(Dataset entries begins)

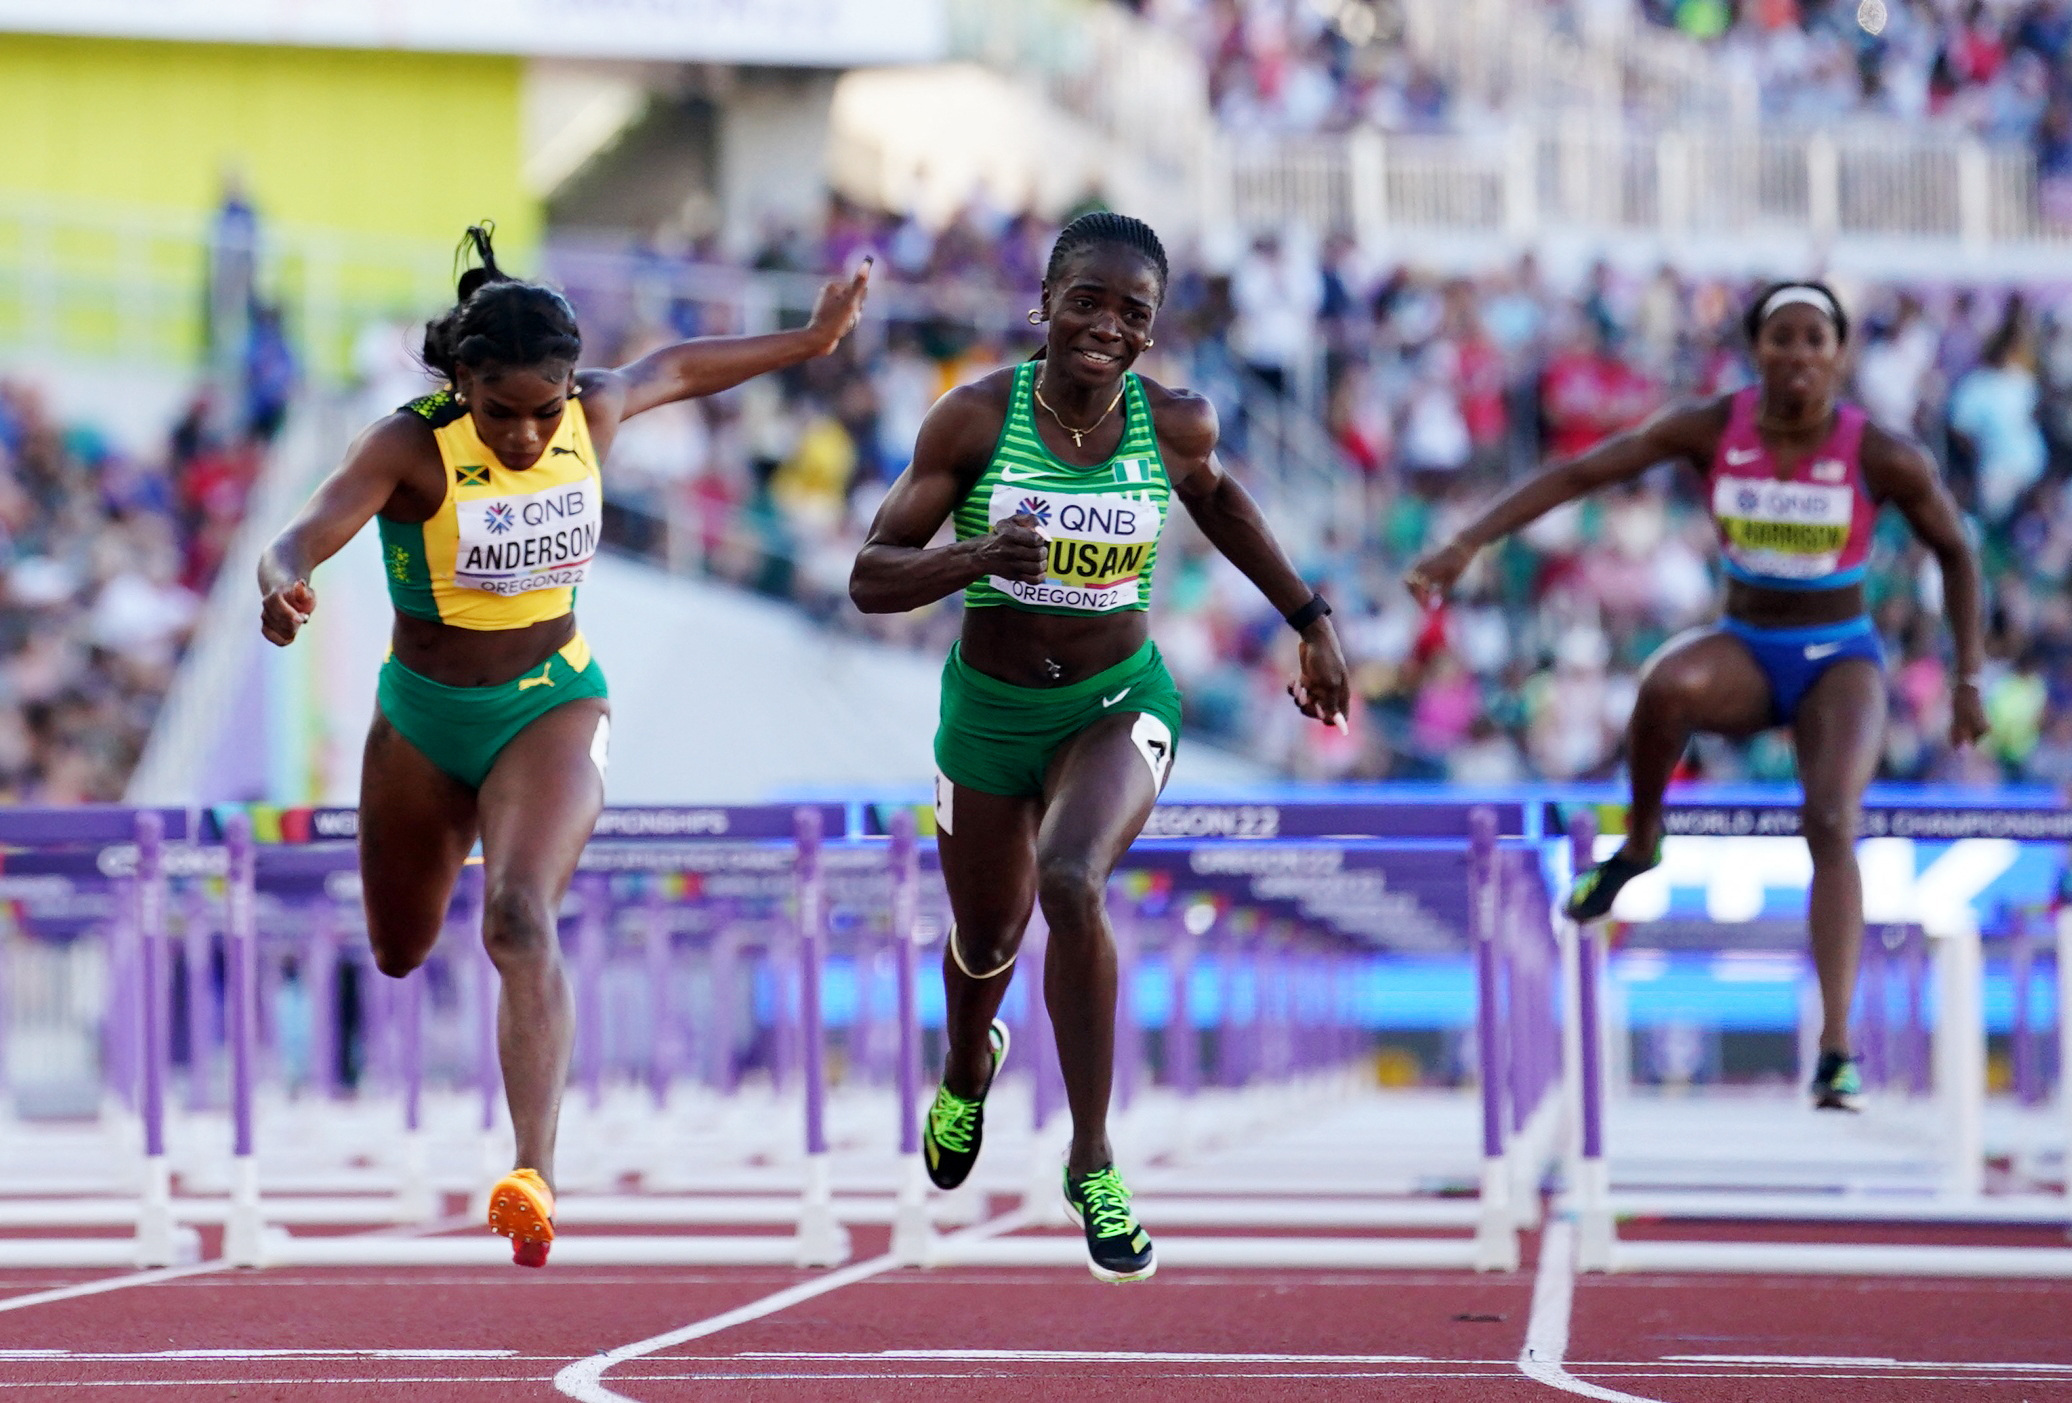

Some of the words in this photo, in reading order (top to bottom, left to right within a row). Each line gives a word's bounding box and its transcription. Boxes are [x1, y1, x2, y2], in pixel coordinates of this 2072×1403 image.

[523, 492, 584, 526] QNB
[1060, 504, 1136, 535] QNB
[465, 521, 596, 570] ANDERSON
[1047, 540, 1144, 578] USAN
[481, 570, 584, 594] OREGON22
[1012, 581, 1119, 608] OREGON22
[1661, 808, 1756, 834] WORLD
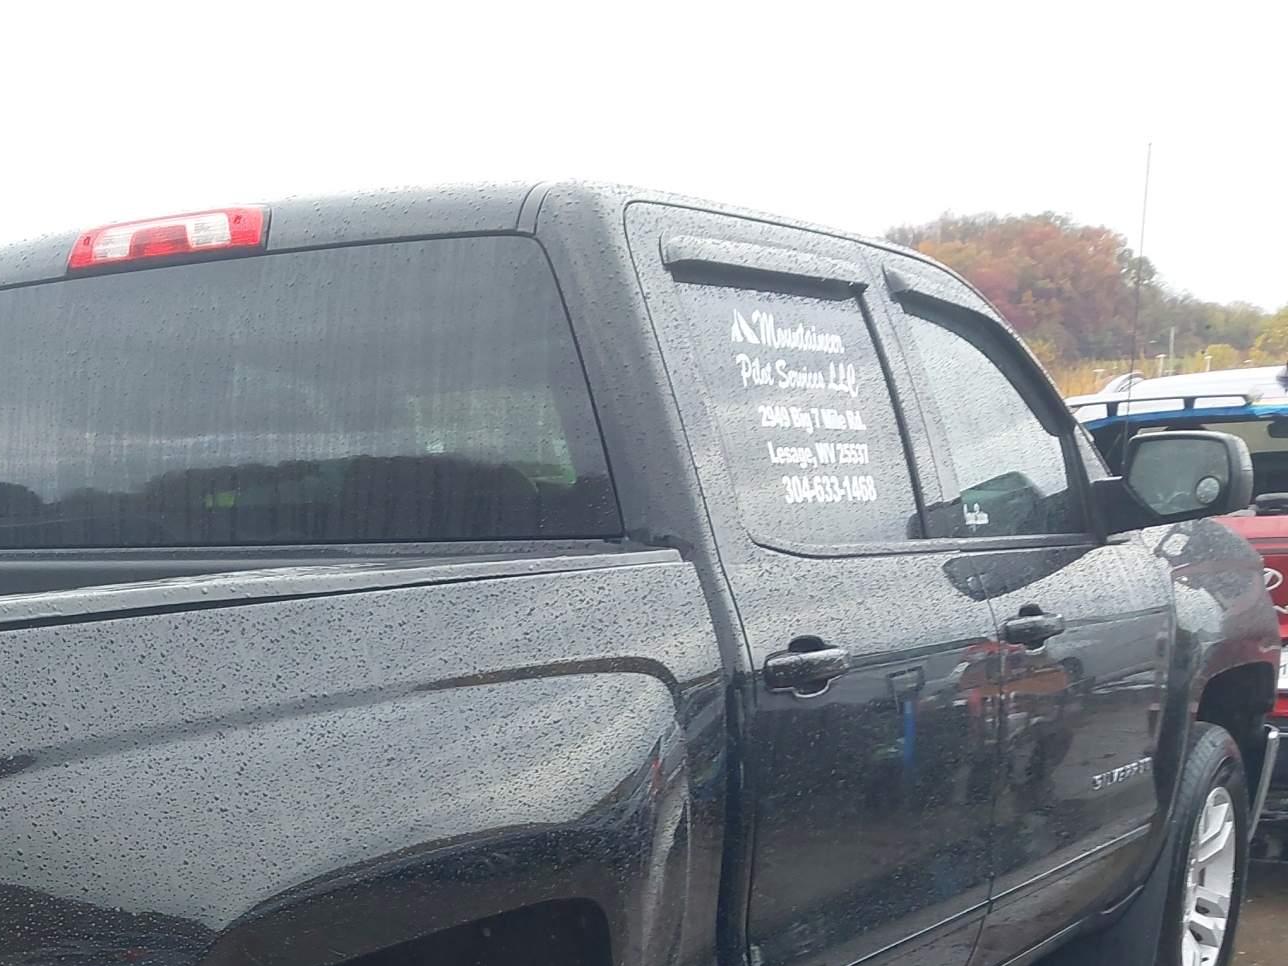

(Dataset entries ends)

- _What you have to do_: All of the data must be given again exactly, without the pictures.

- _Reply_:
Some of the words in this photo, in reading order (top to bottom, left to right within a row). Each line gives a word's bounding box and its transcription. Boxes are [x1, y1, x2, y2], in pixel coordinates of this 2072×1403 image.

[523, 492, 584, 526] QNB
[1060, 504, 1136, 535] QNB
[465, 521, 596, 570] ANDERSON
[1047, 540, 1144, 578] USAN
[481, 570, 584, 594] OREGON22
[1012, 581, 1119, 608] OREGON22
[1661, 808, 1756, 834] WORLD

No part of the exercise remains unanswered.